The economic cost of the floods in Serbia and Bosnia

Report
from European Bank for Reconstruction and Development
Published on 29 May 2014 View Original

The devastating floods in Serbia and Bosnia and Herzegovina have already damaged their economies and will hit growth and inflation in the future as well

Author(s): Jakov Milatovic

Serbia and Bosnia and Herzegovina have suffered their worst flooding since records began, with some 60 people killed in the disaster and well over a million affected by damage to housing, schools or hospitals, arable land or public infrastructure.

While the shocked reaction to the sight of the floodwaters has so far focussed on the suffering caused by the devastation, it is probably time to start looking at the economic damage they will inflict as well. It is likely to be substantial.

No official estimates as to the cost of this natural disaster are available as yet. However, some very rough preliminary estimates put the damage at around €1.5-2 billion in Serbia, and about €1.3 billion in Bosnia and Herzegovina.

For example, the agriculture sector, which accounts for about 10 per cent of GDP in Serbia and 6 per cent in Bosnia, has been particularly badly affected. Most of the arable land in flooded areas has been destroyed and the damage in both countries could be in the hundreds of millions in euros.

Power generation and mining has been heavily disrupted, especially in Serbia, where the damage to the state-owned power company EPS is likely to be extremely costly.

Serbia’s largest mining complex Kolubara, crucial for the country’s energy system as it provides coal to the thermal power plants that produce more than 50 per cent of the energy Serbia needs, has been flooded.

Roads and railways (as well as water supply and energy transmission infrastructure) have been badly hit too, which will cause major problems for the free movement of goods and people and affect businesses across the region.

To make matters worse, the stricken areas in Bosnia are also at risk from mines, a legacy of the war in the 1990s, dislodged by the floods and landslides. And public health is under threat from the contamination of drinking water supplies and therefore disease.

The floods could also have a sizeable macro-economic impact on Serbia and Bosnia, affecting short-term growth and inflation as well as their policy priorities and the budget for this year.

Low economic forecasts for this year were predicated on the introduction of austerity programmes to tackle high levels of public deficits and debt. This may now be delayed, as the countries’ short-tern priorities could well change.

Current EBRD growth forecasts for 2014 are 1.8 per cent for Bosnia and 1.0 per cent for Serbia and they may well need to be revised further downwards.

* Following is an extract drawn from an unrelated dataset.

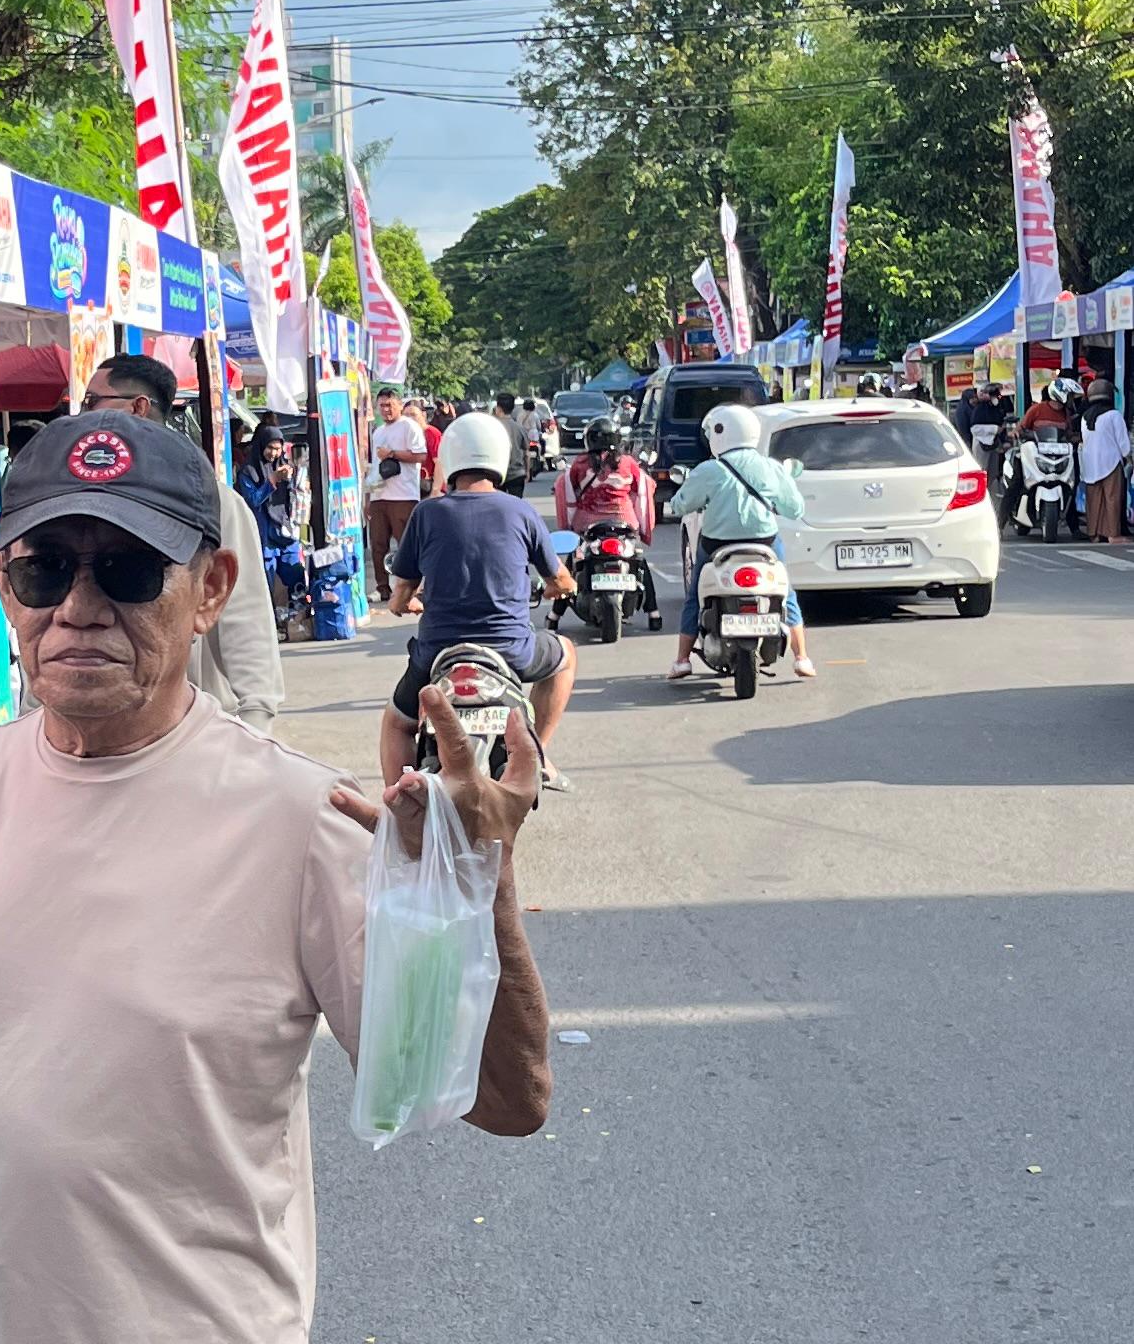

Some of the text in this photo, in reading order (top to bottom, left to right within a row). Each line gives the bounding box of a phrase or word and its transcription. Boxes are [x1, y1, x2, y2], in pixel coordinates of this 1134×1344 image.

[72, 433, 130, 458] LACOSTE
[840, 547, 855, 560] DD
[861, 545, 889, 560] 1925

On the other hand, mitigating factors would include the size of bilateral and IFI support for the relief and reconstruction programmes, which could give a boost to construction and related industries.

Inflation is low in both countries but could spike upwards if food shortages occur. Nevertheless, according to Serbia's Chamber of Commerce, the supply of agriculture and food products to the domestic market will remain stable in the coming period but exports will probably decline.

Serbia and Bosnia do not have to cope with the aftermath of this disaster on their own. The international community sent operational teams together with high capacity water pumps, rescue boats and helicopters to support the evacuation of residents and the transportation of water and medicines within hours of the rivers breaking their banks.

The EU this week allocated an extra €65 million to tackle the aftermath of the flood. The international community has also made clear its determination to hold a donor conference to help speed up the two countries’ recovery.

The EBRD has already described responding to the crisis as one of its major priorities and aims to reallocate existing funding in the region to help finance food relief.

The EBRD will place a priority on the rehabilitation of damaged roads and water systems as well as damaged power stations and transmission and distribution networks.

It also aims to respond rapidly to the immediate needs of any of the EBRD’s corporate partners in the private sector whose activities have been harmed by the flooding.

As an EU candidate country, Serbia can also apply for financing from the EU Solidarity Fund, which helps member states in case of severe natural disasters if the estimated damage exceeds 0.64% of their GDP.

As for Bosnia, the EU is looking into how its instruments for pre-accession could be deployed to help. And the World Bank is lending Bosnia $24mn to help it cope with the disaster and is discussing an emergency loan of over $50m that would finance reconstruction works, procurement of goods and services and the preparation of technical studies.

The World Bank has also said it could change the purpose of part of an already approved but still to be disbursed $500m budget support loan to Serbia, thus channelling the funds towards recovery from the floods.